Spain’s rescued banks to shrink, slash jobs

The Pak Banker - - Front Page -


Spain’s four na­tion­alised banks will more than halve their bal­ance sheets in five years, slash jobs and im­pose hefty losses on bond­hold­ers, un­der plans ap­proved by the Euro­pean Com­mis­sion on Thurs­day.

The mea­sures open the door for nearly €40 bil­lion ($ 52 bil­lion) in Eu­ro­zone bail-out funds for the stateres­cued banks, of­fer­ing hope for an end to Spain’s bank­ing cri­sis which has pushed the coun­try to the brink of ask­ing for sov­er­eign aid.

The ap­proval sets in place one of the most far­reach­ing over-hauls of any Euro­pean bank­ing sys­tem or­dered by the Com­mis­sion since the start of a bank­ing cri­sis in mid-2007 with the near col­lapse of Ger­man lender IKB.

“Our ob­jec­tive is to re­store the vi­a­bil­ity of banks re­ceiv­ing aid so that they are able to func­tion with­out pub­lic sup­port in the fu­ture,” said Euro­pean Union Com­pe­ti­tion Com­mis­sioner Joaquin Al­mu­nia.

Bankia, NCG Banco, Catalunya Banc and Banco de Va­len­cia were taken over by the Span­ish state af­ter un­sus­tain­able lend­ing dur­ing the coun­try’s decade-long prop­erty boom left the lenders dan­ger­ously short of cap­i­tal.

The small­est of the four banks, Banco de Va­len­cia, will be sold to one of Spain’s health­i­est lenders Caix­abank, while the other three banks must cut their bal­ance sheets by more than 60 per cent over the next five years.

It was cheaper to sell Banco de Va­len­cia un­der a loss pro­tec­tion scheme than to wind it down, the Com­mis­sion said. Spain will sell NCG Banco and Catalunya Banc within 5 years or liq­ui­date them.

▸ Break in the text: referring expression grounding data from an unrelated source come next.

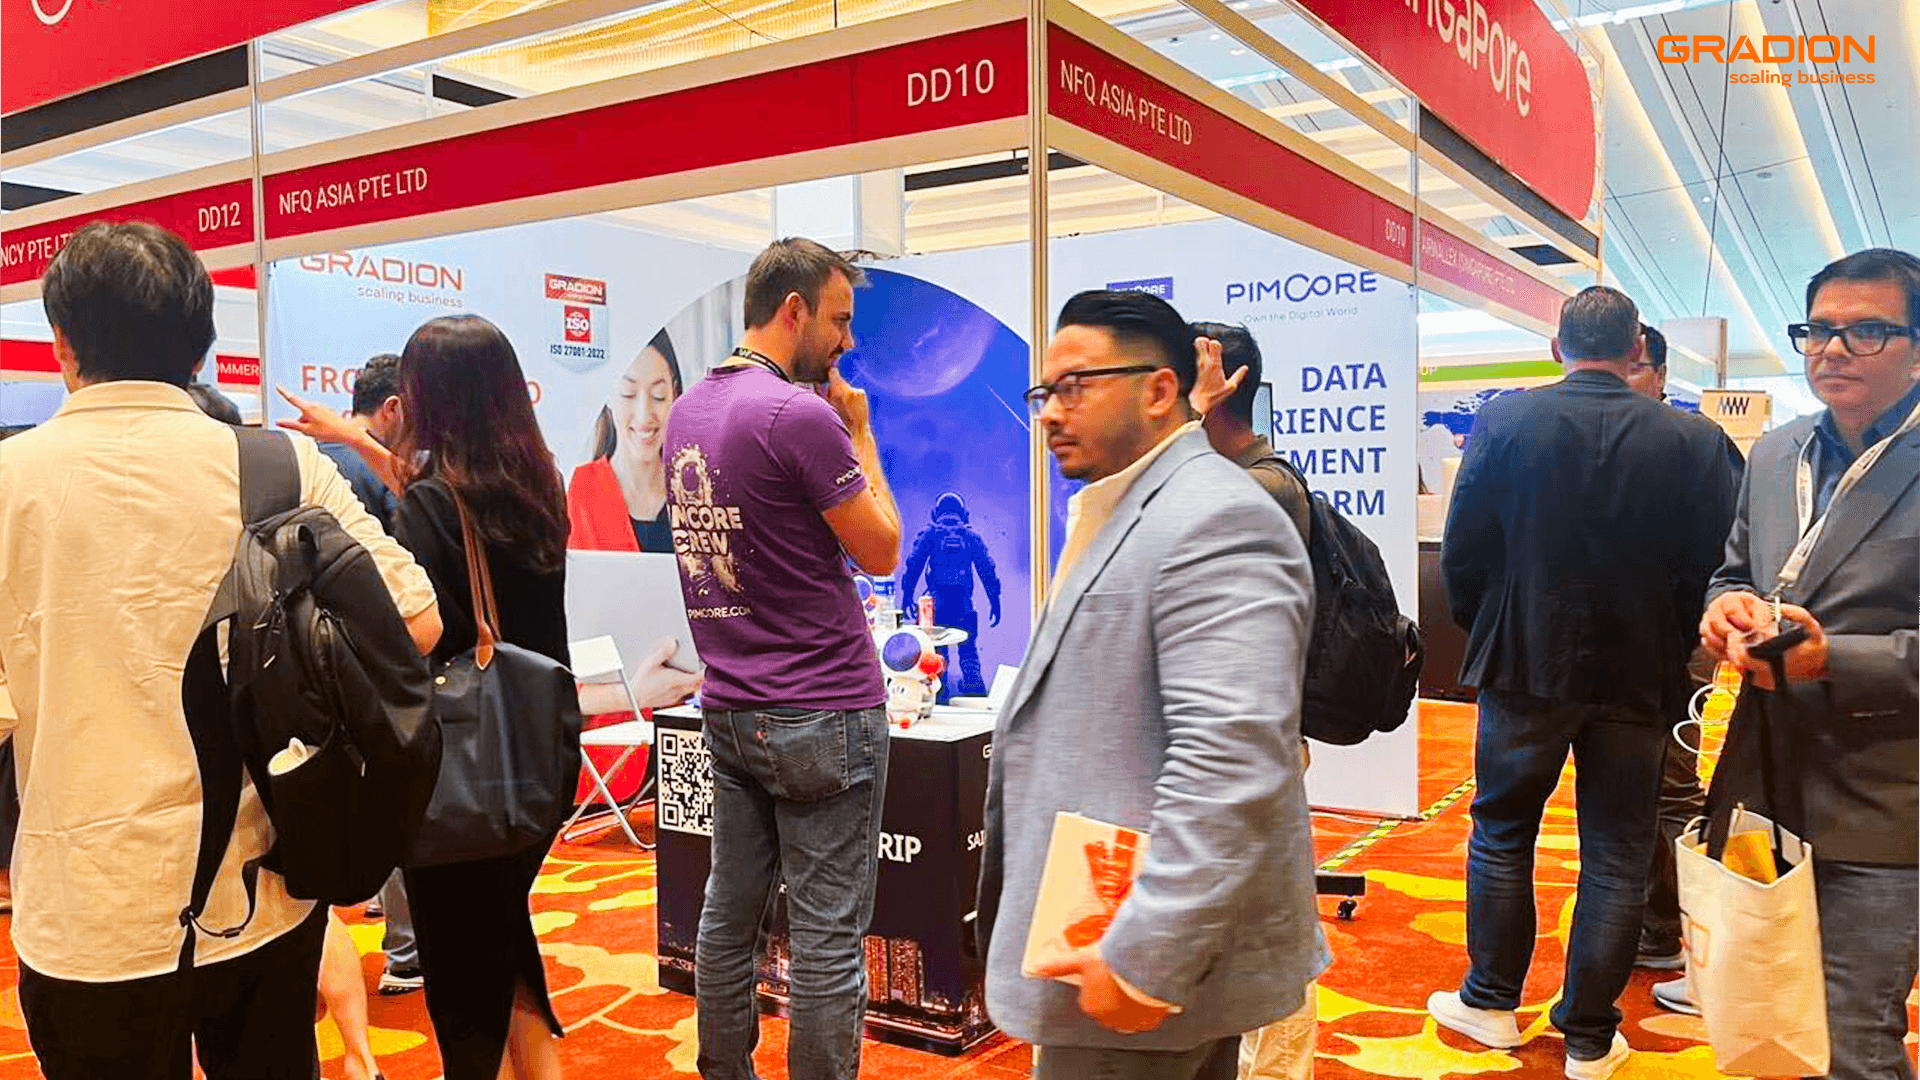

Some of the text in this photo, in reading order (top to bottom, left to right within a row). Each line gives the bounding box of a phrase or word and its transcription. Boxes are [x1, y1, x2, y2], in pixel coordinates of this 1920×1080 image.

[907, 59, 994, 107] DD10
[1060, 60, 1193, 145] NFQ ASIA PTE LTD
[279, 167, 428, 215] NFQ ASIA PTE LTD
[198, 202, 241, 232] DD12
[28, 238, 53, 261] PTE
[55, 231, 73, 257] LT
[357, 286, 463, 308] scaling business
[549, 279, 602, 295] GRADION
[1226, 271, 1378, 305] PIMCORE
[566, 317, 589, 331] ISO
[1243, 306, 1359, 324] Own the Digital World
[550, 344, 562, 355] ISO
[216, 361, 262, 377] MMER
[1302, 363, 1387, 393] DATA
[1272, 404, 1386, 435] RIENCE
[1275, 447, 1387, 475] MENT
[673, 529, 731, 555] CREW
[877, 831, 922, 863] RIP

Al­mu­nia said the na­tion­alised banks would have to close up to half their branches dur­ing the five-year over­haul process.

The big­gest of the banks, Bankia, said it would lay off over a quar­ter of its work­force amount­ing to over 6,000 staff, re­duce its branch net­work by around 39 per cent and aim to re­turn to prof­itabil­ity by 2013.

Bankia, formed from the merger of seven sav­ings banks in 2010, said hold­ers of hy­brid debt would con­trib­ute up to €4.8 bil­lion to the re­cap­i­tal­i­sa­tion, through losses in­curred by swap­ping their hold­ings for shares.

The Euro­pean Com­mis­sion said the cost to hy­brid and subor­di­nated bond­hold­ers in the re­struc­tur­ing of the na­tion­alised banks will come to about €10 bil­lion.

Many hy­brid debt hold­ers at the na­tion­alised banks are re­tail cus­tomers who say they were conned into buy­ing com­plex fi­nan­cial in­stru­ments that buoyed banks’ cap­i­tal lev­els in­stead of fixed-term sav­ings ac­counts.

The Com­mis­sion said it would en­sure the banks use no more tax­pay­ers’ money than nec­es­sary and that they do not go back to un­sus­tain­able busi­ness prac­tices.

The Com­mis­sioner said he would de­cide on other Span­ish banks with cap­i­tal short­falls on De­cem­ber 20.

The ap­proval al­lows the Eu­ro­zone to dis­burse the funds from its per­ma­nent ESM bailout fund. Spain was given ap­proval to re­ceive up to €100 bil­lion from the ESM in the sum­mer.